Quelle:
Stuttgarter Zeitung/Stuttgarter Nachrichten
Erstveröffentlicht:
03.09.2010
Aus ihrer politischen Grundeinstellung macht die Initiative für ein Soziales Zentrum keinen Hehl, ebenso wenig aus ihrem Standpunkt gegenüber dem Bauprojekt Stuttgart 21. Die Banner, die an der Hauswand des Gebäudes in der Böblinger Straße 105 hängen, sprechen für sich. Bäume und Bahnhof sollen gefälligst oben bleiben. Wenn man etwas zu begraben habe, dann den Kapitalismus. An der Stätte, in der bis 2008 mehr als 25 Jahre lang das Mundarttheater Stuttgarter Komödle residierte, entsteht das Linke Zentrum Lilo Herrmann, benannt nach einer kommunistischen Widerstandskämpferin aus der NS-Zeit. Während in der Bevölkerung vereinzelt Misstrauen gegenüber den neuen Nachbarn laut wird, wollen die Initiatoren einen lebendigen Austausch. „Wir sind offen für Diskussionen und Kritik", sagt Paul von Pokrzywnicki.
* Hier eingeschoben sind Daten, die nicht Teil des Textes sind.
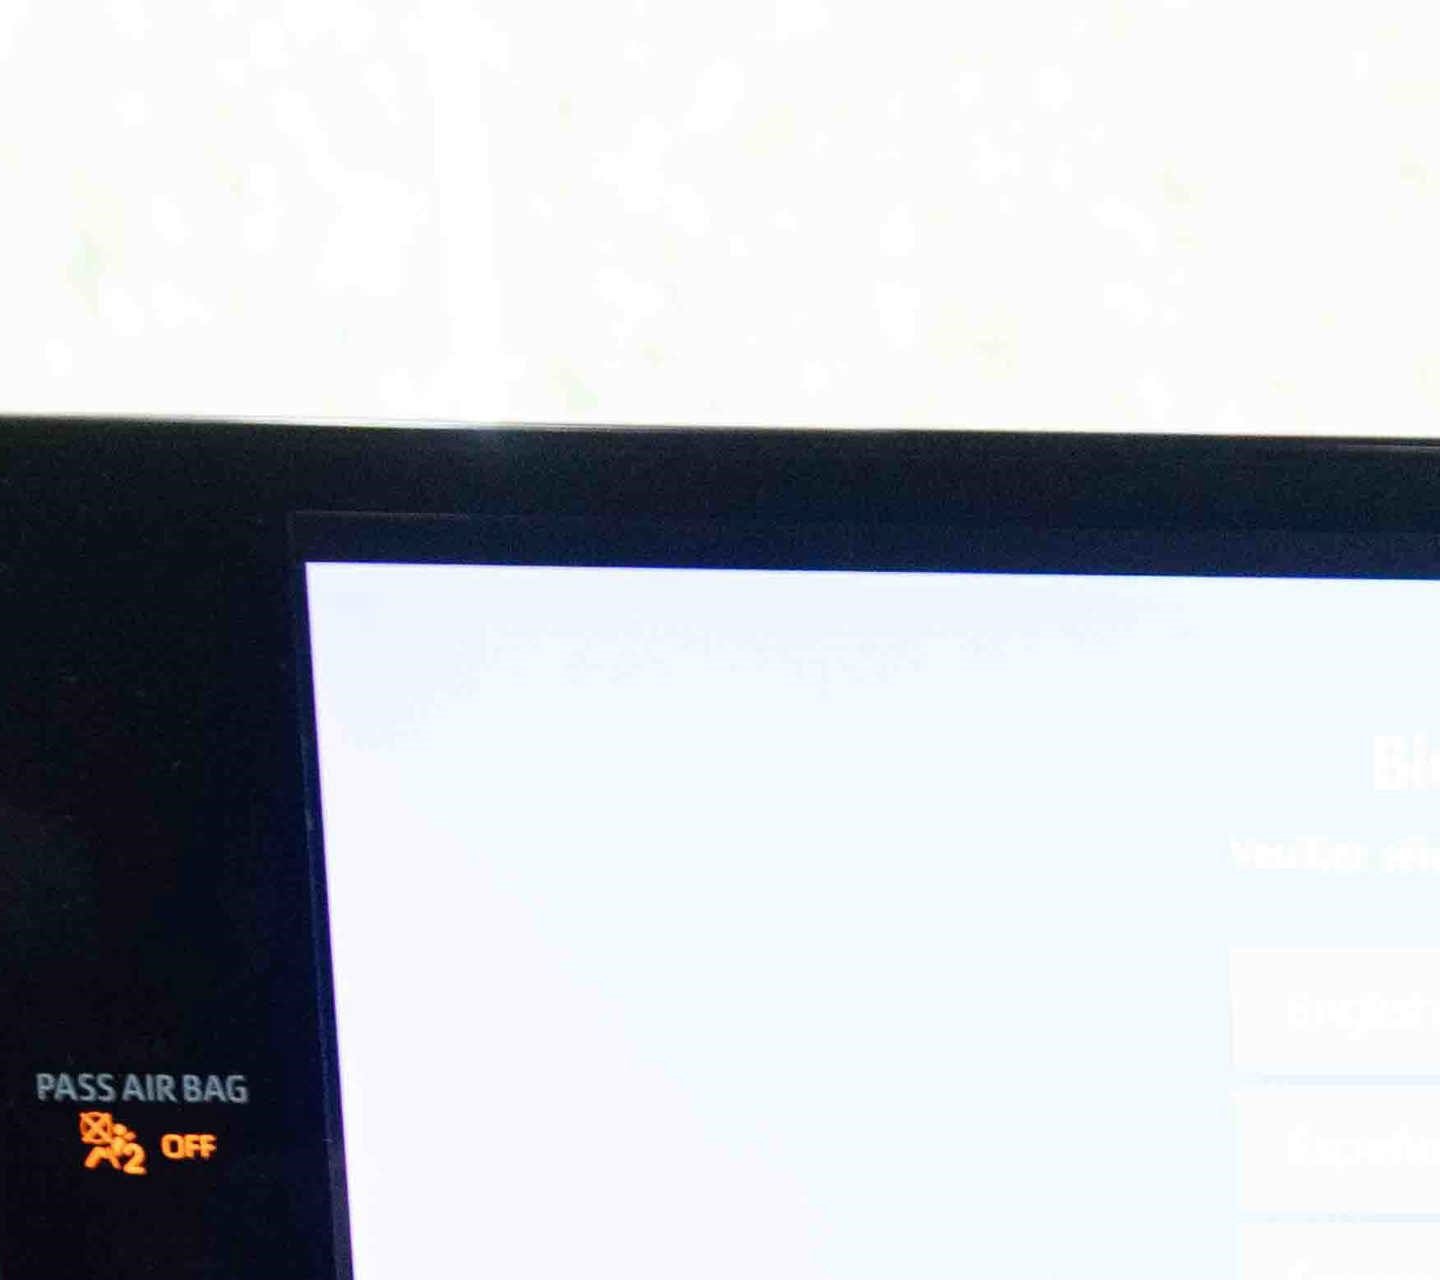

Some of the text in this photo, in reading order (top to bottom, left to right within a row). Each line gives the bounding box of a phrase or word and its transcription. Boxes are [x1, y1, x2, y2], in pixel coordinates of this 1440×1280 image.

Der 19-Jährige ist einer der treibenden Kräfte hinter dem Projekt. Von Pokrzywnicki hat eigens sein Abitur um ein Jahr verschoben, um sich der Realisierung zu widmen. Er ist Teil der Baukoordination, kümmert sich um die Öffentlichkeitsarbeit und die Finanzierung. 810 000 Euro wurden in den Kauf und die Sanierung des mehr als 800 Quadratmeter großen Hauses samt Anbau investiert. Kolportierte Abrisspläne waren damit vom Tisch. Als Geburtshelfer fungierte das Freiburger Mietshäuser-Syndikat, ein Zusammenschluss selbstorganisierter Hausprojekte. Doch die Initiative hat auf der Suche nach Finanzspritzen insgesamt große Tatkraft bewiesen. Das Ziel, 200 000 Euro an Direktkrediten zu sammeln, wurde erreicht. Die Spendebereitschaft von Unterstützern ist groß. Bedarf besteht jedoch nach wie vor. Unter dem Motto „200x5" werden 200 Menschen gesucht, die monatlich mindestens fünf Euro zu spenden bereit sind.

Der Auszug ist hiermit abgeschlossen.